Tessa’s entitled and “holier-than-thou” attitude is a common thread throughout the story. Whether it’s slut-shaming Molly, judging Steph for her tattoos, or emotionally manipulating Hardin, Todd always tries to justify Tessa’s actions with “it’s true love.”

And don’t even get me started on Hardin. His attitude towards his relationship with Tessa is the main reason After is commonly accused of glorifying abusive relationships, much like its predecessor 50 Shades. Hardin is instantly jealous every time a guy so much as talks to Tessa and immediately intervenes with actions that even Tessa describes as “trying to stake his claim.” Not to mention his rampant mood swings that make Tessa afraid to talk to him about otherwise reasonable issues, lest she trigger a violent outburst. And oh god, emotional manipulation pretty much defines the relationship between these two characters, with Hardin using traumatic memories from his childhood and his nightmares to justify his drinking and constant insensitivity as well as Tessa making crazy jumps in logic to accuse Hardin of being hurtful and a terrible person in order to make him feel guilty. Not that I disagree that Hardin’s a terrible person, but using those kind of insults to psychologically abuse your significant other isn’t okay no matter who you’re in a relationship with.

And this is the main issue with this book. Beyond the bad writing and terrible characters, the fact that this story romanticizes a clearly abusive relationship between these two characters, rectifying all conflict with the misguided idea that “I love you” solves everything, a toxic and dangerous idea that’s all too common in romance novels. Not just fanfiction, not just young adult, but romance novels as a whole have glorified the idea that finding your soulmate is worth sacrificing everything, including your dignity and self-respect, your friends and your family. And that mindset is toxic. That mindset is the reason domestic abuse, and by extension sexual harassment and assault, are realities of the world we live in, used against men and women.

There’s one scene in this book where Tessa is dared to go into a bedroom with another potential love interest, Zed.
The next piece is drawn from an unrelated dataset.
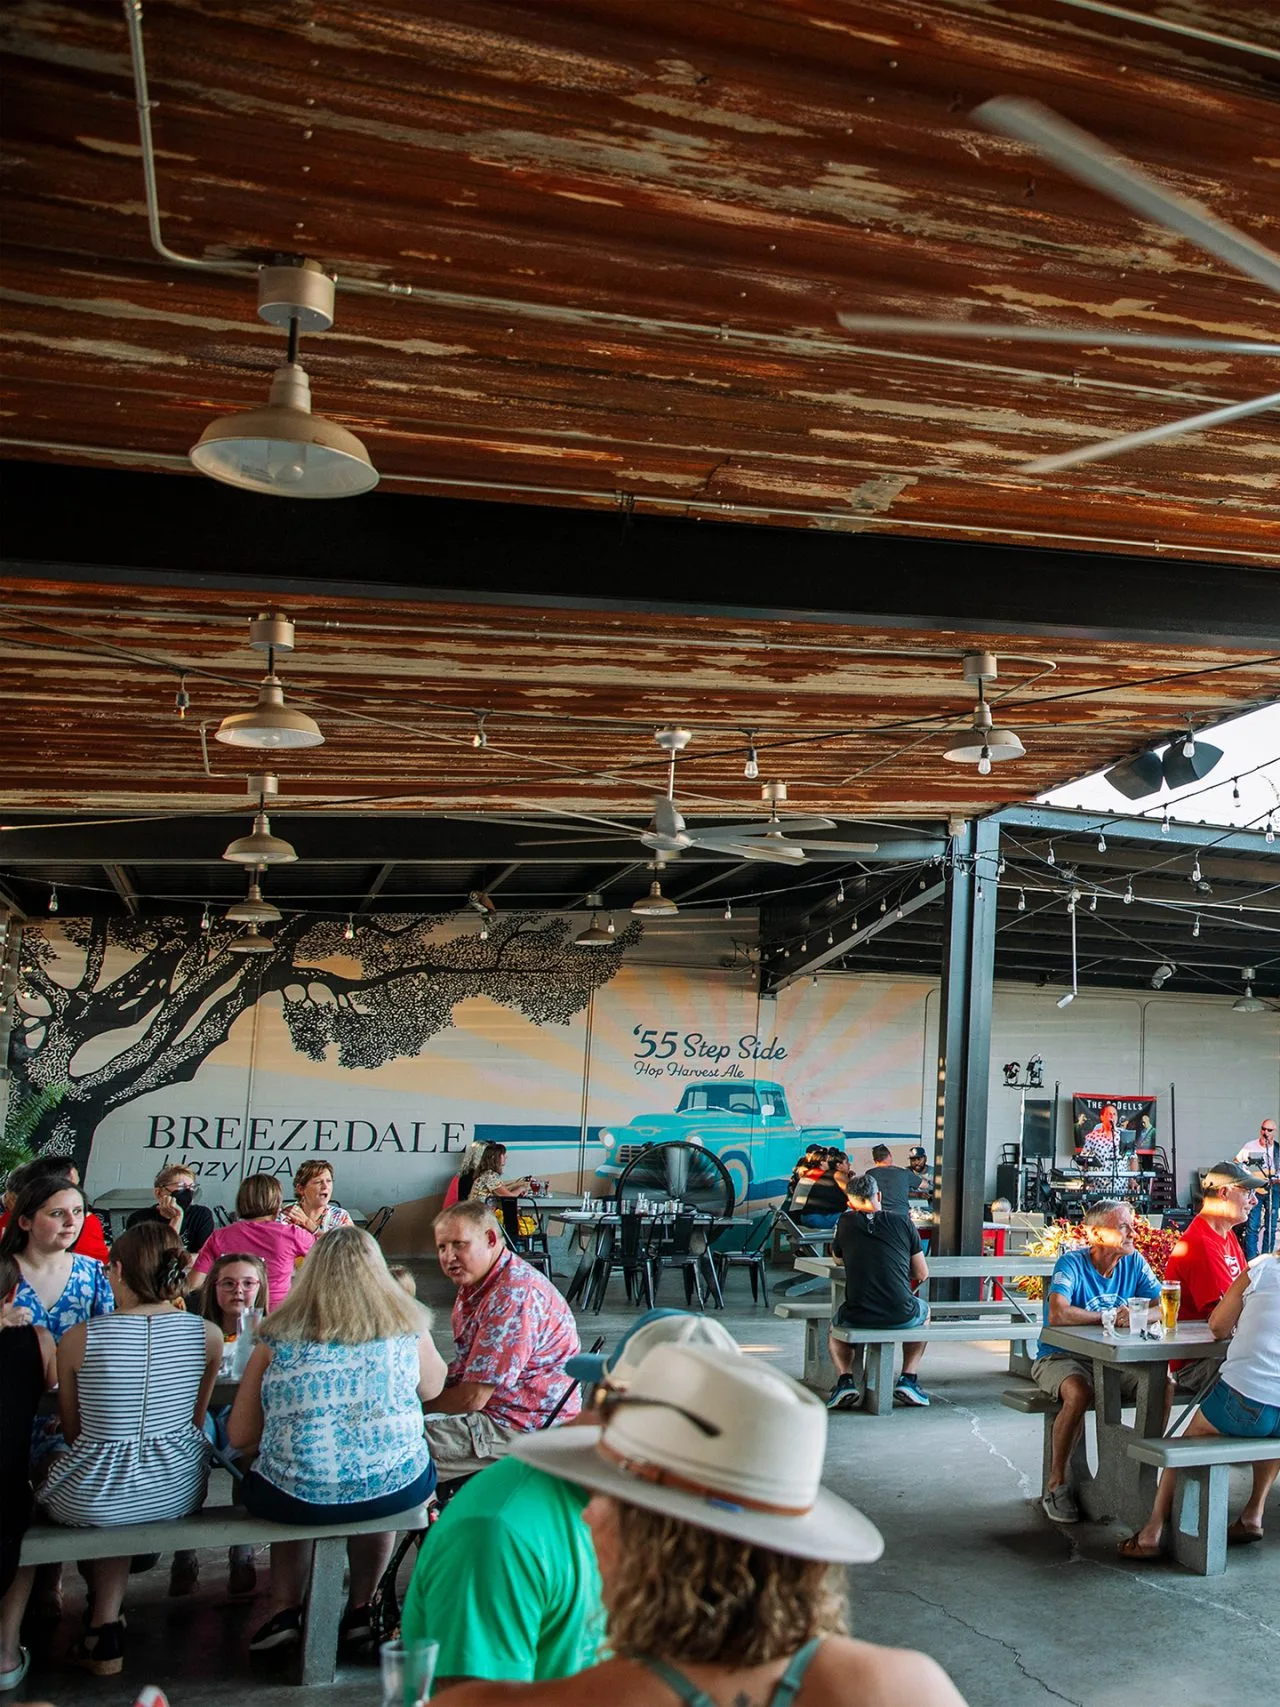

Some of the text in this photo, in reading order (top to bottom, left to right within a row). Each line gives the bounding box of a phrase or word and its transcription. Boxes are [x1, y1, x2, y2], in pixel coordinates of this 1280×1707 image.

Word for word, their interaction goes:

“‘You’re intoxicated and I don’t want to take advantage of you.’

I gasp.

‘Surprised?’ He beams and I laugh.

‘A little,’ I admit.”

We’re teenagers. And as much as we like to act like mature, functioning adults, we’re living in the most emotionally vulnerable stage of our lives. While some of us will look through this book and have enough awareness to at least find Hardin and Tessa’s relationship to be funny, or even recognize the dangers of their story, there’s a reason why After was so successful that it was published and then picked up for a movie: enough people found it romantic. Enough people to constitute 1.5 billion reads on Wattpad view “#Hessa” as what they aspire to achieve in romantic relationships. And if that’s not disturbing, I don’t know what is.